## [Input data]
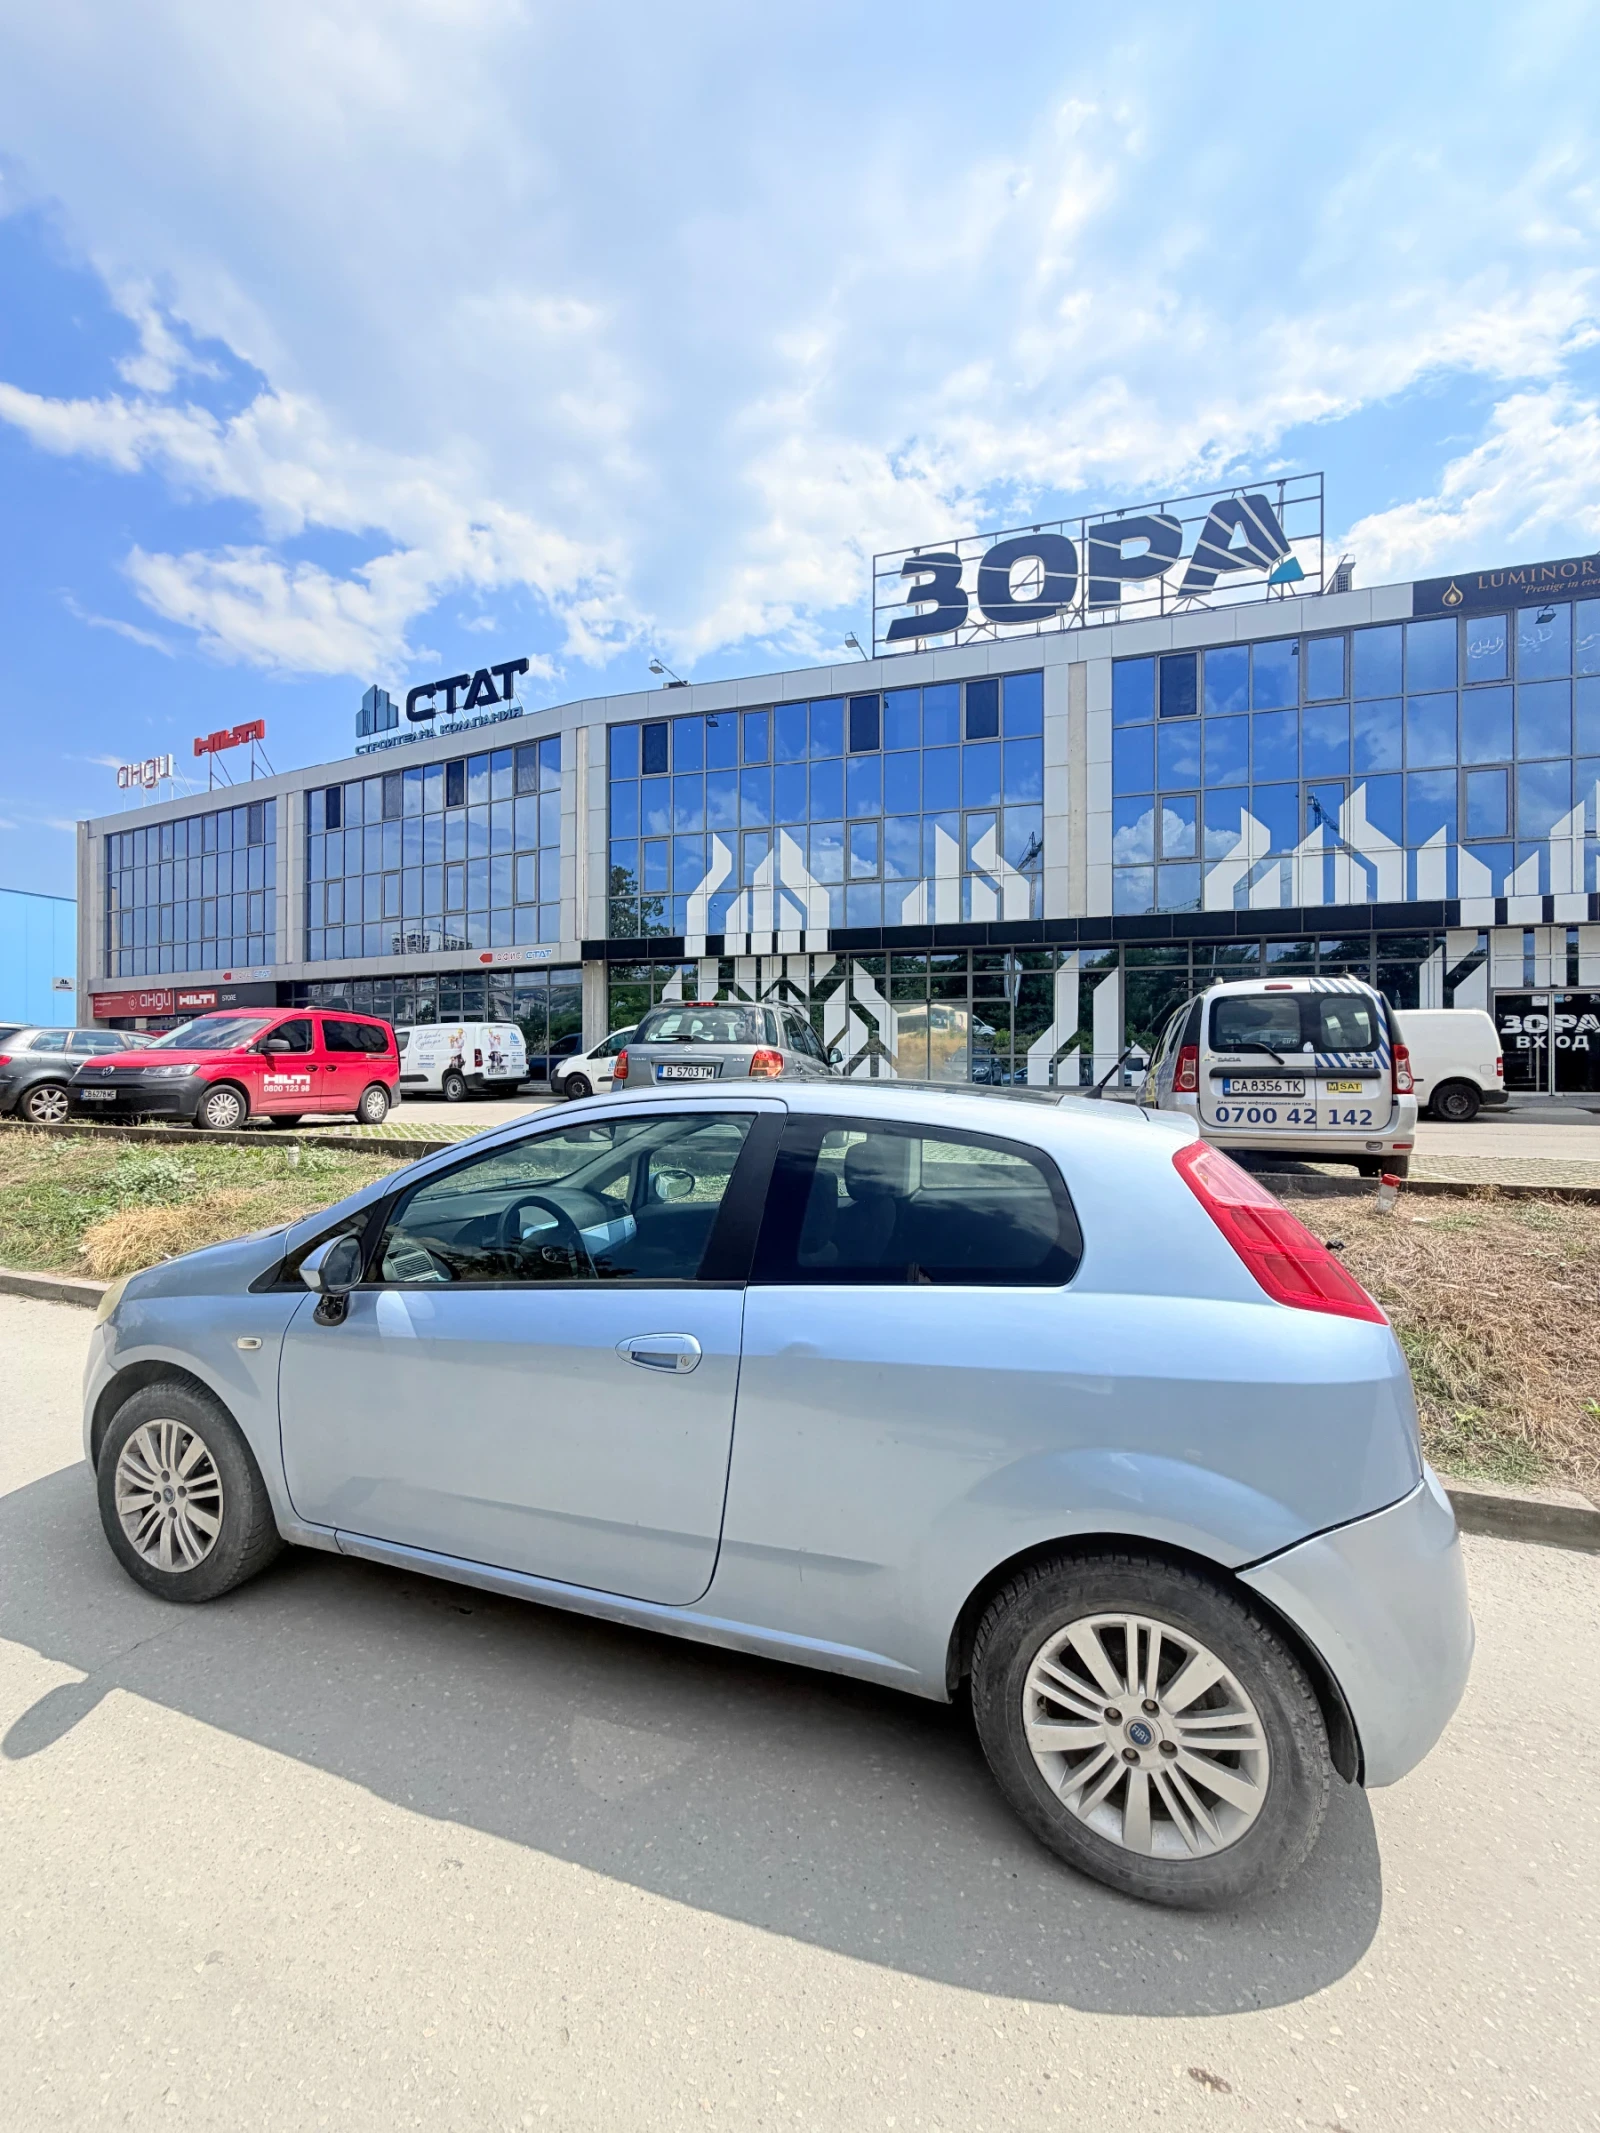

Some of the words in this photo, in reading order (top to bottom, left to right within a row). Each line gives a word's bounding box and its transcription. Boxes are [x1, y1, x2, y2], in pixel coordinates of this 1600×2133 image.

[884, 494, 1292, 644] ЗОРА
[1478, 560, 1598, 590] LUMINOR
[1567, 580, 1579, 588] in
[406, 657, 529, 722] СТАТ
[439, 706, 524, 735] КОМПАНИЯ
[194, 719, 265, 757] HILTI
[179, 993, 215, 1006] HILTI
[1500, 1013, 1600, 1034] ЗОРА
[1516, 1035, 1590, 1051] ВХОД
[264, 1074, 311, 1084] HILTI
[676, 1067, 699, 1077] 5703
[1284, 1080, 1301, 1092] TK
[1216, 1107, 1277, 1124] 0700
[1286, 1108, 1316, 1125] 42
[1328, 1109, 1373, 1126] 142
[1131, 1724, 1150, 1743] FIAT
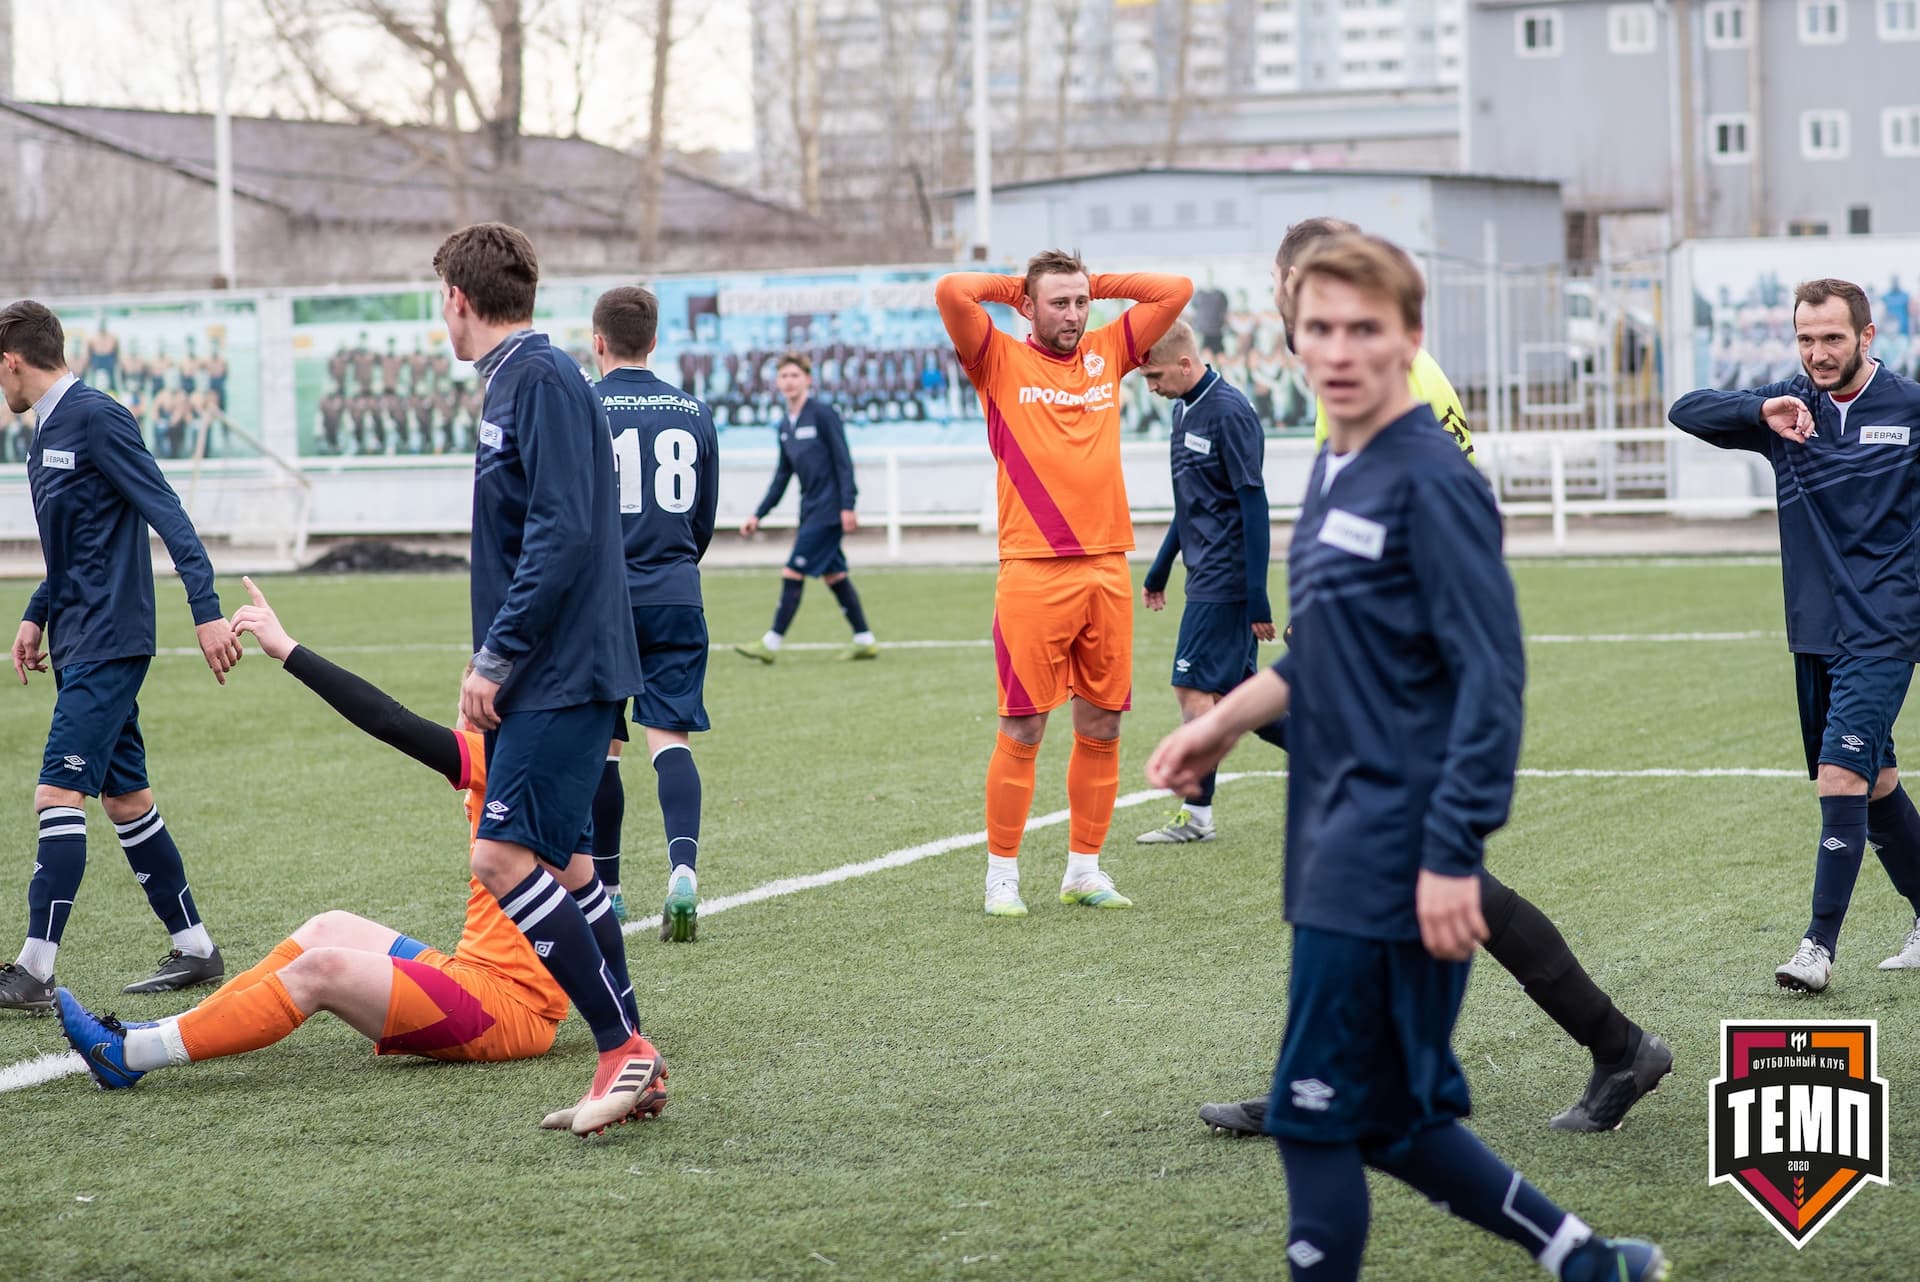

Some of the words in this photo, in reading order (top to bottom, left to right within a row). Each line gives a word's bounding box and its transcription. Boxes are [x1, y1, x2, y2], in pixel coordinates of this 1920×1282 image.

## [Directions for this task]
Restate the records above in full and word for word, but do not carry over any pictures.

## [Reply to the task]
Some of the words in this photo, in reading order (top to bottom, left to right within a row). Each line gives a word's bounding box and its transcription. Boxes are [x1, y1, x2, y2], in pixel coordinates of this 1600×2133 image.

[884, 494, 1292, 644] ЗОРА
[1478, 560, 1598, 590] LUMINOR
[1567, 580, 1579, 588] in
[406, 657, 529, 722] СТАТ
[439, 706, 524, 735] КОМПАНИЯ
[194, 719, 265, 757] HILTI
[179, 993, 215, 1006] HILTI
[1500, 1013, 1600, 1034] ЗОРА
[1516, 1035, 1590, 1051] ВХОД
[264, 1074, 311, 1084] HILTI
[676, 1067, 699, 1077] 5703
[1284, 1080, 1301, 1092] TK
[1216, 1107, 1277, 1124] 0700
[1286, 1108, 1316, 1125] 42
[1328, 1109, 1373, 1126] 142
[1131, 1724, 1150, 1743] FIAT

Some of the words in this photo, in reading order (top to bottom, left to right within a row). Each line gives a word's bounding box and its transcription. Boxes are [x1, y1, x2, y2], in pixel coordinates of this 1920×1282 image.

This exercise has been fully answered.